Reuters. El presidente de la Reserva Federal, Ben Bernanke, probablemente reconocerá este viernes que el banco central estadounidense está considerando otra ronda de alivio monetario en su discurso de Jackson Hole.

Pero el jefe de la Fed podría decepcionar a los mercados financieros inquietos si no llega a indicar que otro programa de compra de bonos es inminente, algo que muchos analistas dicen es una posibilidad fuerte.

"Hemos tenido bajas expectativas de noticias significativas", dijo Vincent Reinhart, economista de Morgan Stanley y un ex funcionario de alto rango de la Reserva Federal.

Por un lado, las minutas de la última reunión de la Fed ya eran muy enérgicas en la dirección de un mayor estímulo.

De hecho, ese reporte sugiere un listón muy alto para que la Fed no se embarque en una nueva campaña de estímulo, con muchos diseñadores de políticas deseando ver "un fortalecimiento sustancial y sostenible" de la recuperación económica para permanecer en espera.

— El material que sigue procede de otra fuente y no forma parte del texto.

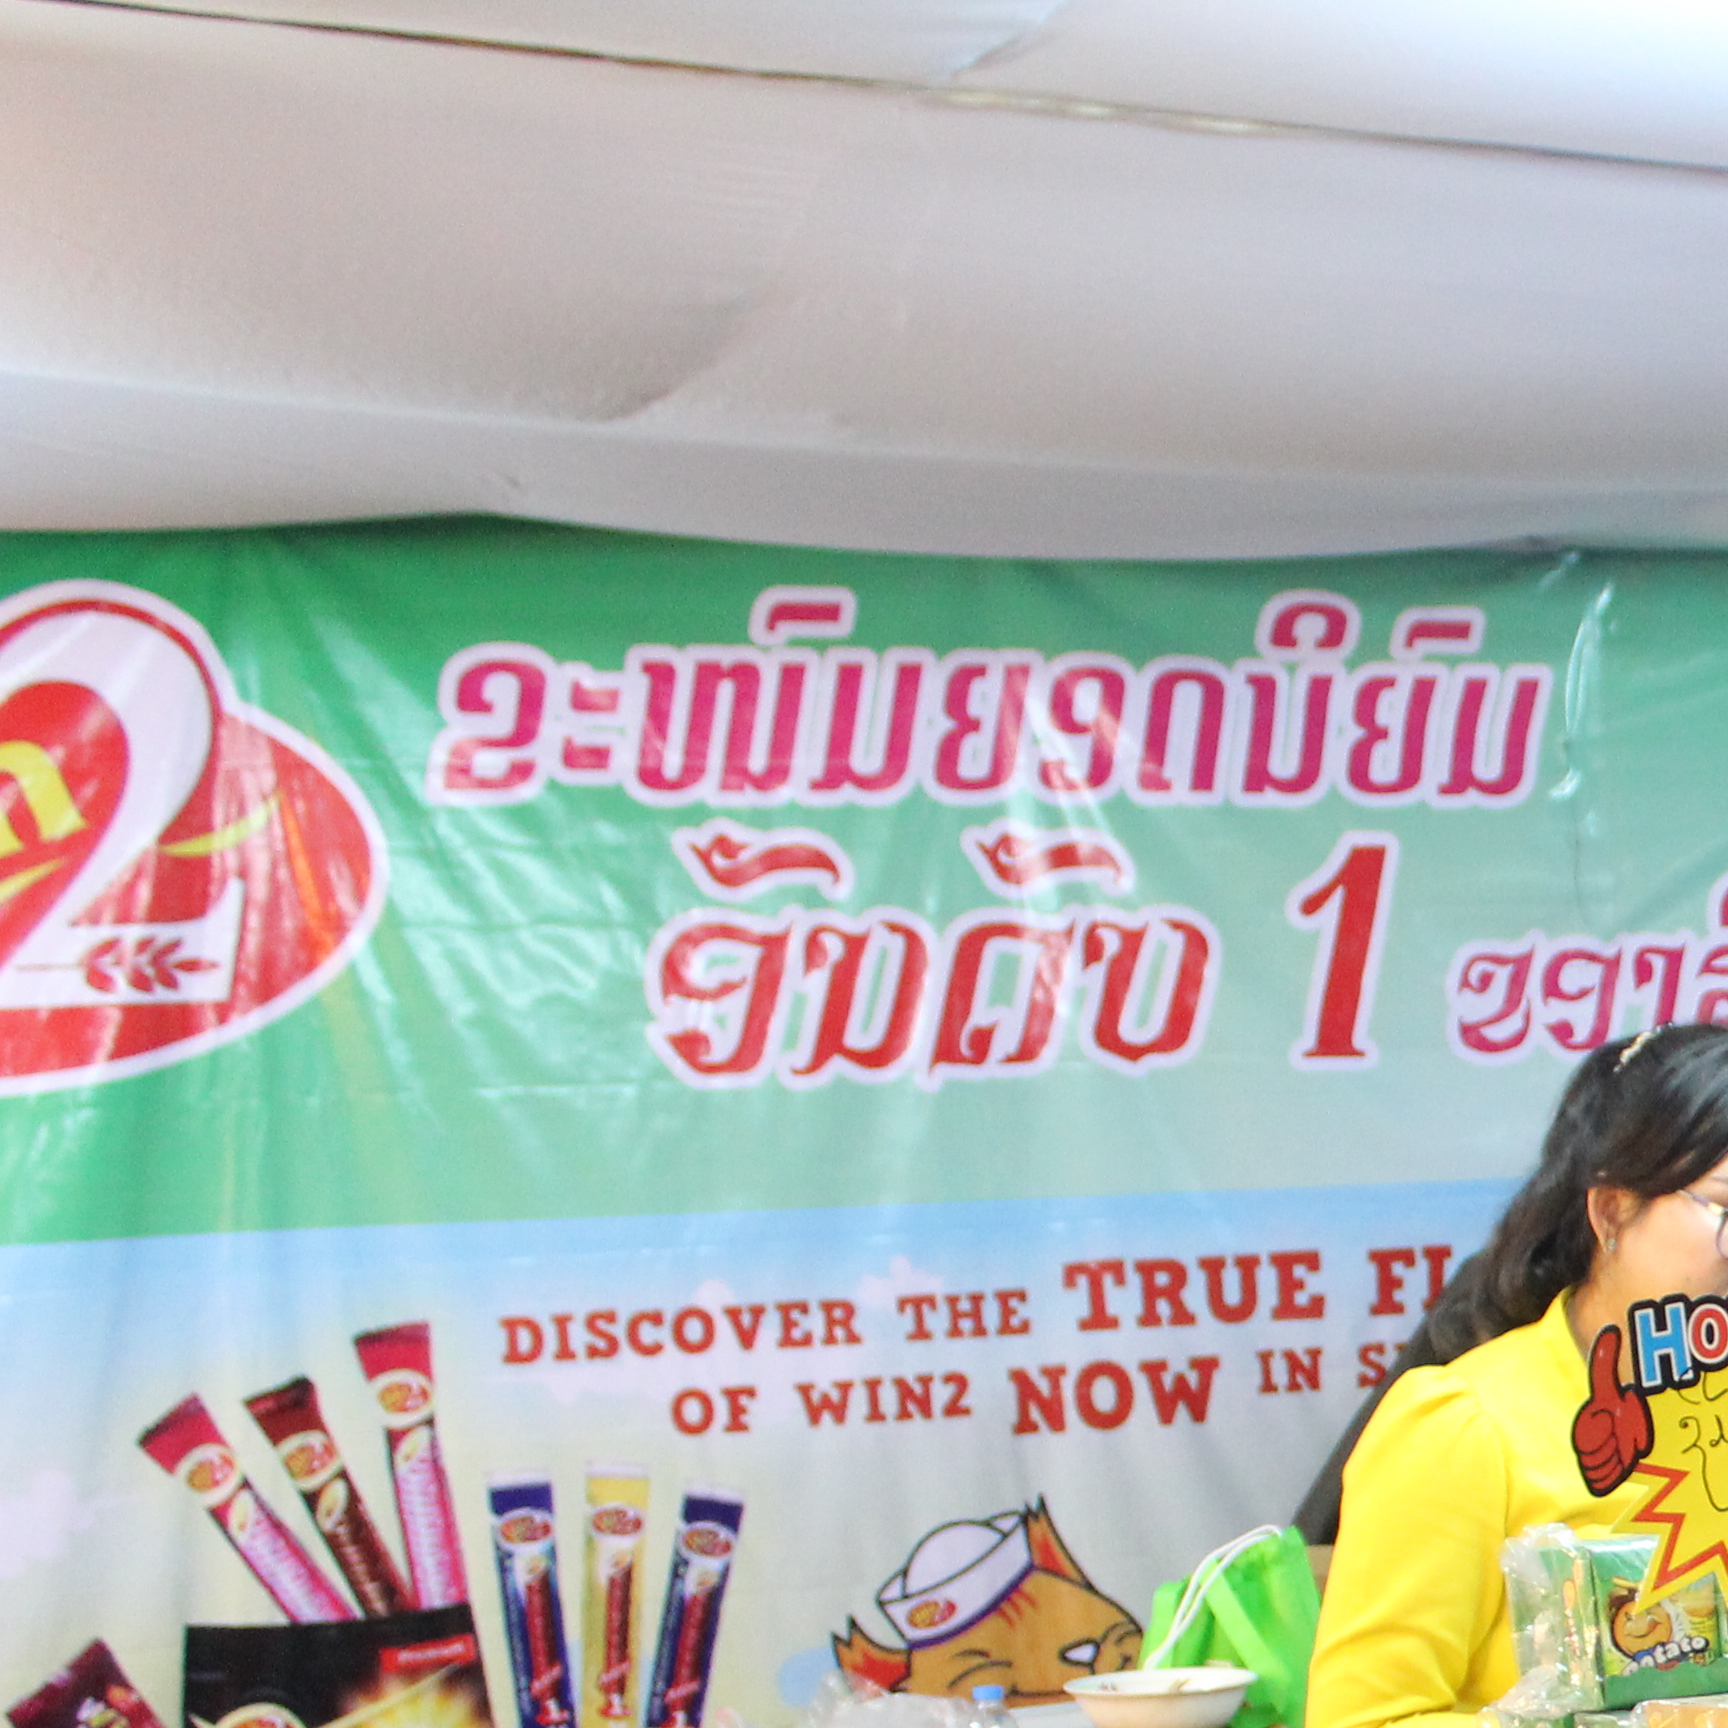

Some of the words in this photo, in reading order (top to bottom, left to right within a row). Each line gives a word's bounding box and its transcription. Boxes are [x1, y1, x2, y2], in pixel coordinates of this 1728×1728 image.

[660, 828, 1210, 1079] ອັນດັບ
[1298, 844, 1387, 1058] 1
[501, 1298, 863, 1364] DISCOVER
[897, 1289, 1031, 1342] THE
[1063, 1249, 1325, 1332] TRUE
[671, 1384, 758, 1436] OF
[797, 1371, 972, 1428] WIN2
[1008, 1355, 1220, 1435] NOW
[1257, 1346, 1324, 1394] IN
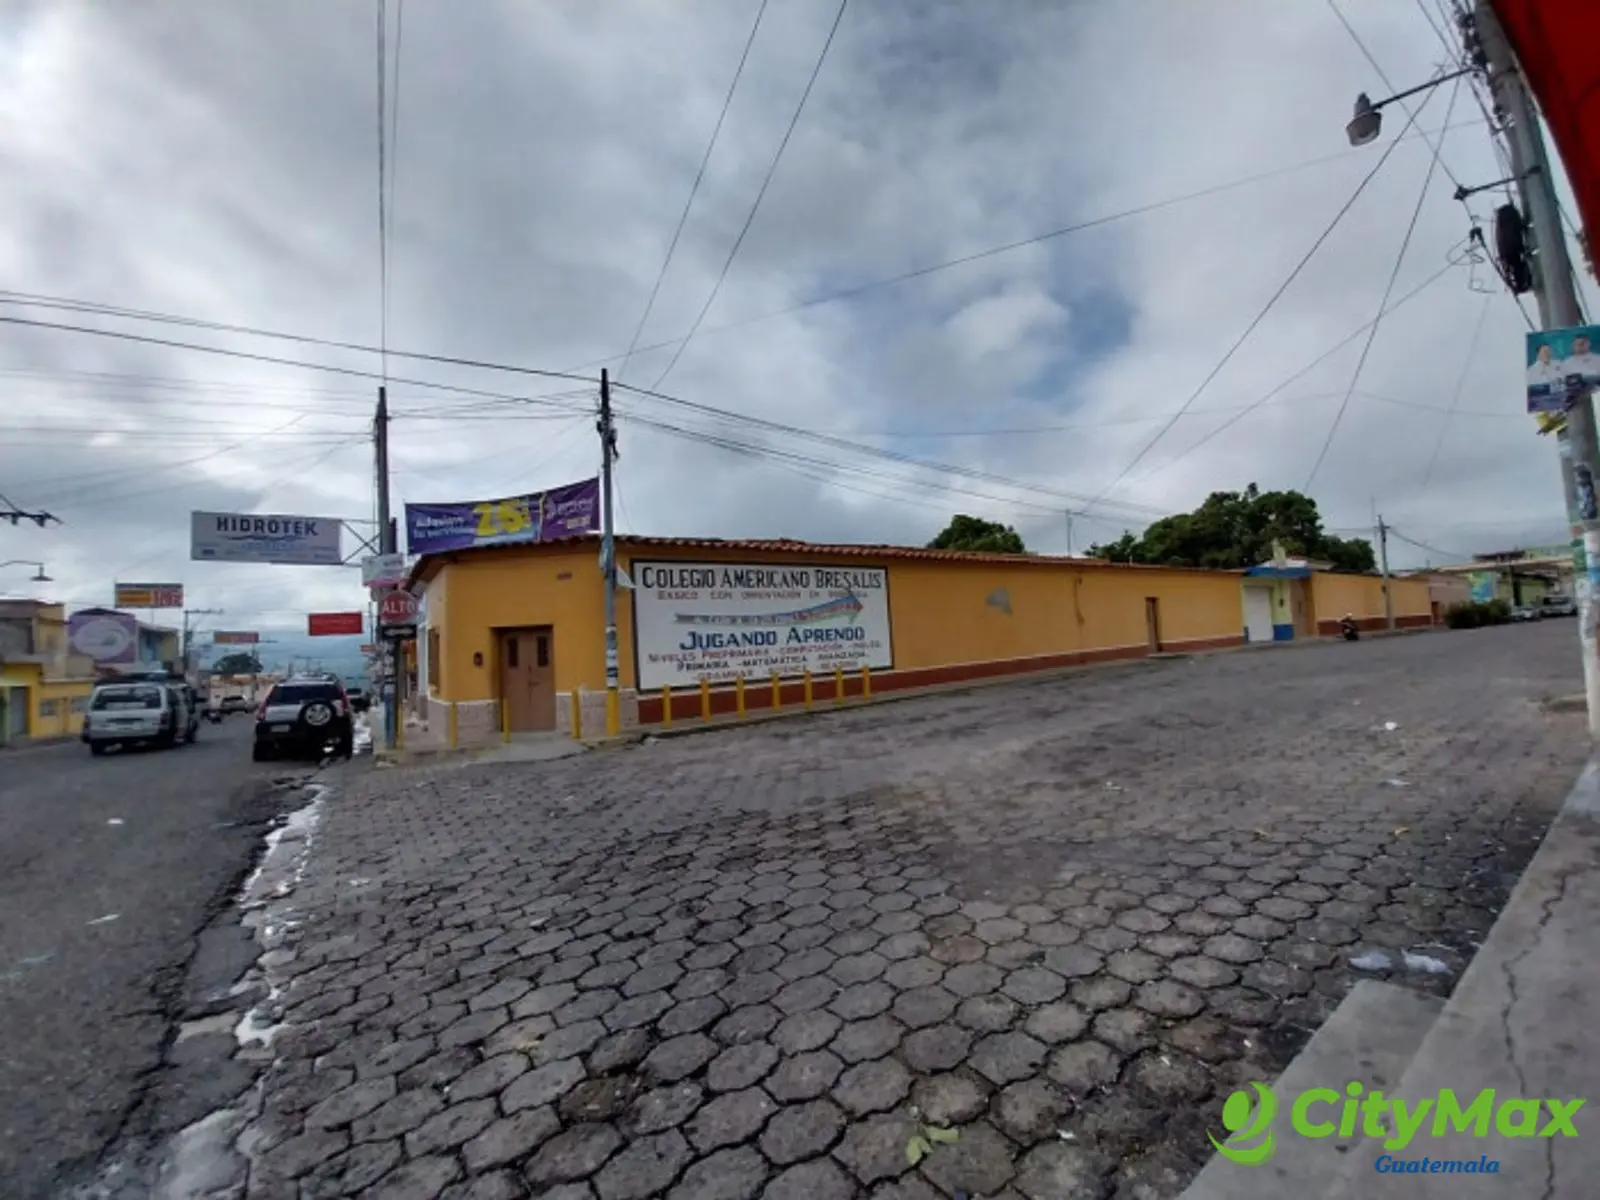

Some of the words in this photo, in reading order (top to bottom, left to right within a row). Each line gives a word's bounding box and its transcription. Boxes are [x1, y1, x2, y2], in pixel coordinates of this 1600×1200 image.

[216, 516, 319, 537] HIDROTEK
[642, 566, 716, 589] COLEGIO
[720, 568, 811, 589] AMERICANO
[383, 600, 417, 614] ALTO
[679, 631, 778, 650] JUGANDO
[786, 626, 866, 645] APRENDO
[676, 660, 730, 673] PRIMARIA
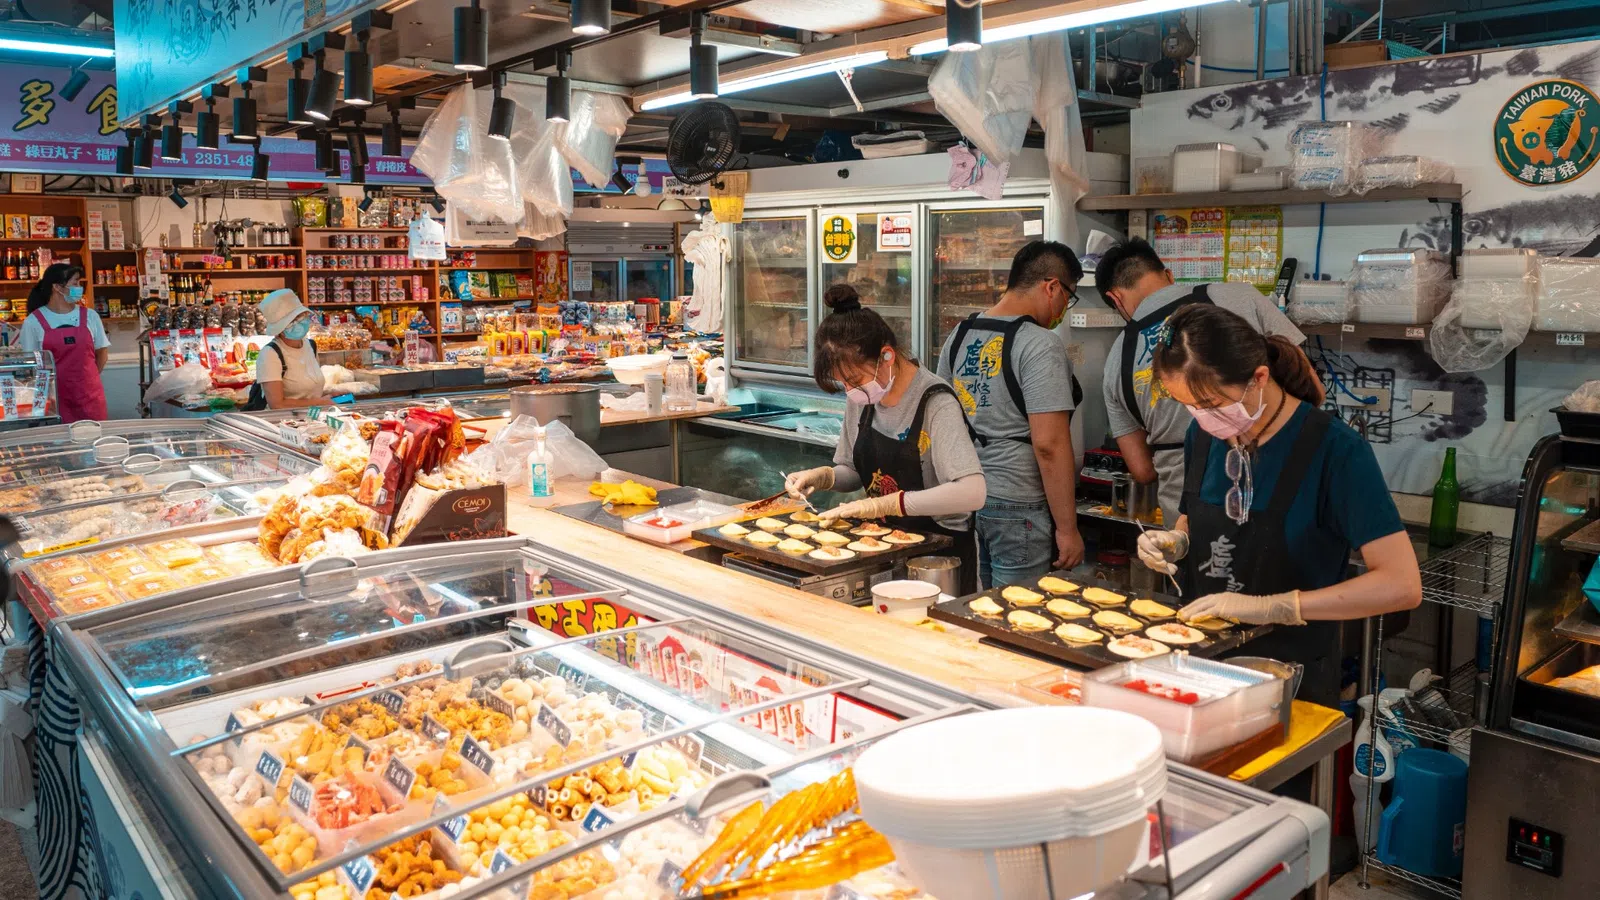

Hablando antes del simposio anual de política monetaria de la Fed, Julia Coronado, economista de BNP Paribas, dijo que unos datos que hacen alusión a un leve fortalecimiento de la economía difícilmente cumplen con ese estándar. Ella espera una señal sólida de flexibilización en el discurso de Bernanke.

Sería difícil que Bernanke sea más fuerte que las minutas sin adelantarse activamente al Comité Federal de Mercado Abierto -que fija las políticas de la Fed-, un paso que el funcionario podrá ser reacio a adoptar.

"No creo que Bernanke se incline a adelantarse al comité menos de dos semanas antes de su próxima reunión", dijo Michael Feroli, economista de JPMorgan.

Cualquier falta de detalles concretos sobre el curso probable de acción podría decepcionar a los mercados globales de acciones, que han repuntado en las últimas semanas por las expectativas de una mayor intervención tanto de la Fed como del Banco Central Europeo.